Tegakan pohon pinus terus tergerus di Bukit Hambalang. Tanaman musiman serta pertambangan pasir dan batu kian menggerogoti kawasan hutan produksi terbatas milik Perum Perhutani. Sela tutupan hutan tampak begitu kentara. Kondisi daerah aliran sungai yang membelah sekujur bukit juga makin memprihatinkan.
Truk pengangkut pasir dan batu begitu leluasa keluar masuk merusak fungsi ekologi hutan Hambalang. Perhutani memang kesulitan mereduksi konflik dengan masyarakat yang tinggal di sekitar hutan. Areal tanam pinus perlahan beringsut berubah fungsi menjadi sawah dan beberapa tanaman musiman. Hingga kini, luas penanaman pinus hanya sekitar 3.300 dari 9.243 hektare kawasan HTP Perhutani di Bukit Hambalang.

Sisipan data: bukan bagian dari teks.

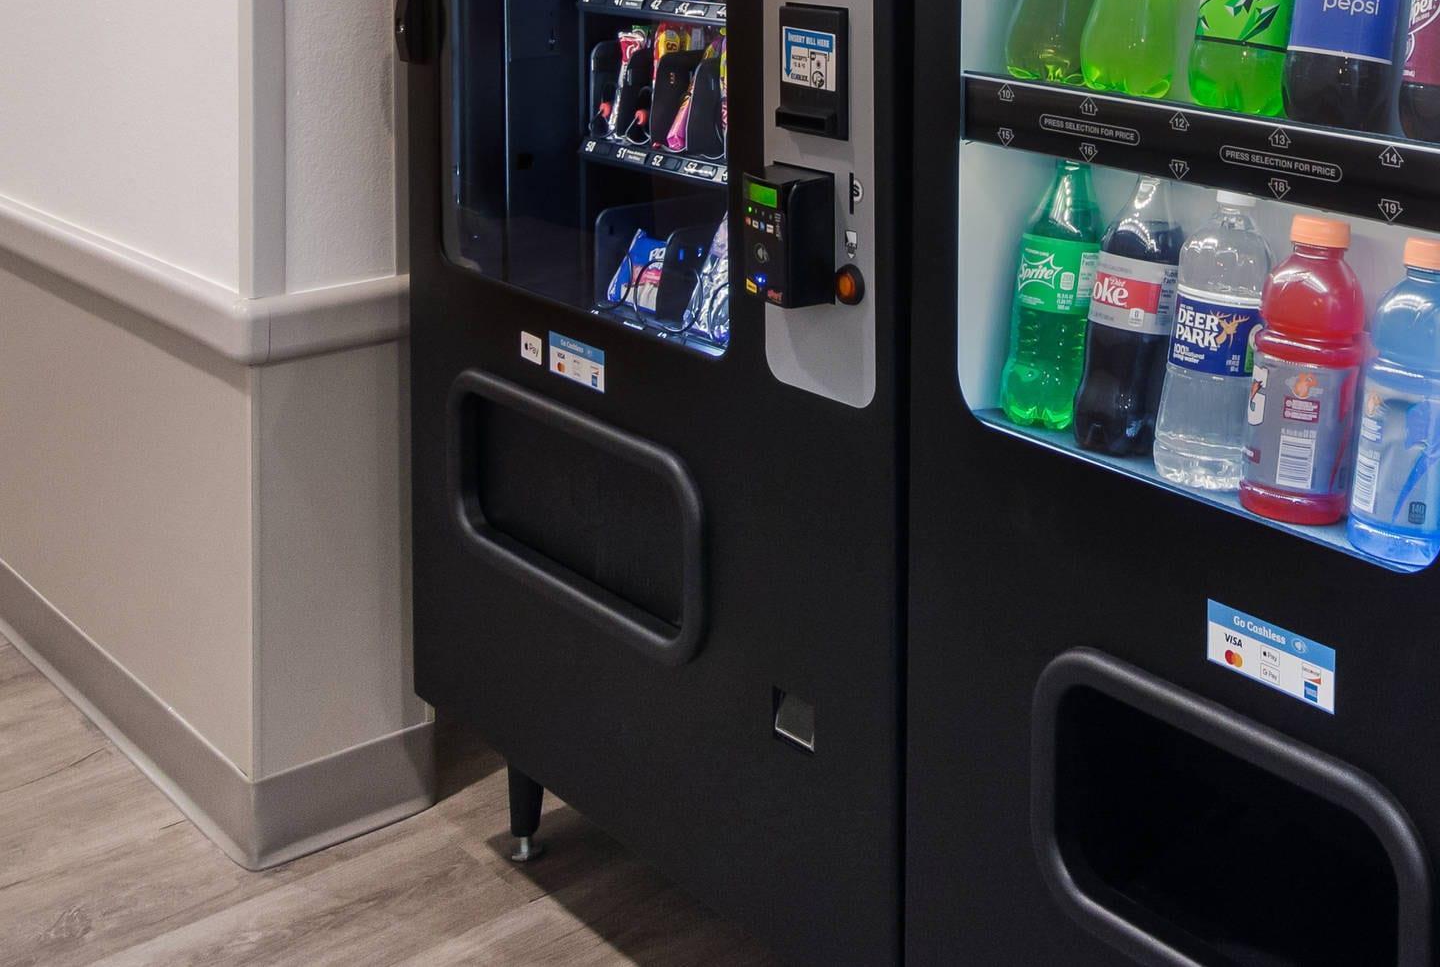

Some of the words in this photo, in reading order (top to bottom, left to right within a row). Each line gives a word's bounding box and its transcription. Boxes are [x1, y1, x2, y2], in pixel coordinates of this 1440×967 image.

Padahal, 40% sumber pendapatan Perhutani diperoleh dari penjualan getah pinus. Total produksi getah pinus Perhutani di Hambalang hanya mencapai 250 ton setiap tahun. Sebagian besar pohon pinus telah memasuki usia sadap. “Situasi sedang tidak menentu. Di samping konflik lahan yang mengganggu penanaman, harga getah pinus juga sedang jatuh akibat resesi global,” ungkap Bambang Sukmananto, Direktur Utama Perum Perhutani kepada Bisnis Rabu (18/7).
Bambang mengakui situasi pasar getah pinus belakangan kurang menggembirakan. Perhutani masih menyimpan stok produksi sebesar 24.000 ton belum terserap pasar. Perusahaan tengah mengupayakan kontrak transaksi dengan pembeli dari luar negeri untuk menyerap 10.000 ton stok getak pinus.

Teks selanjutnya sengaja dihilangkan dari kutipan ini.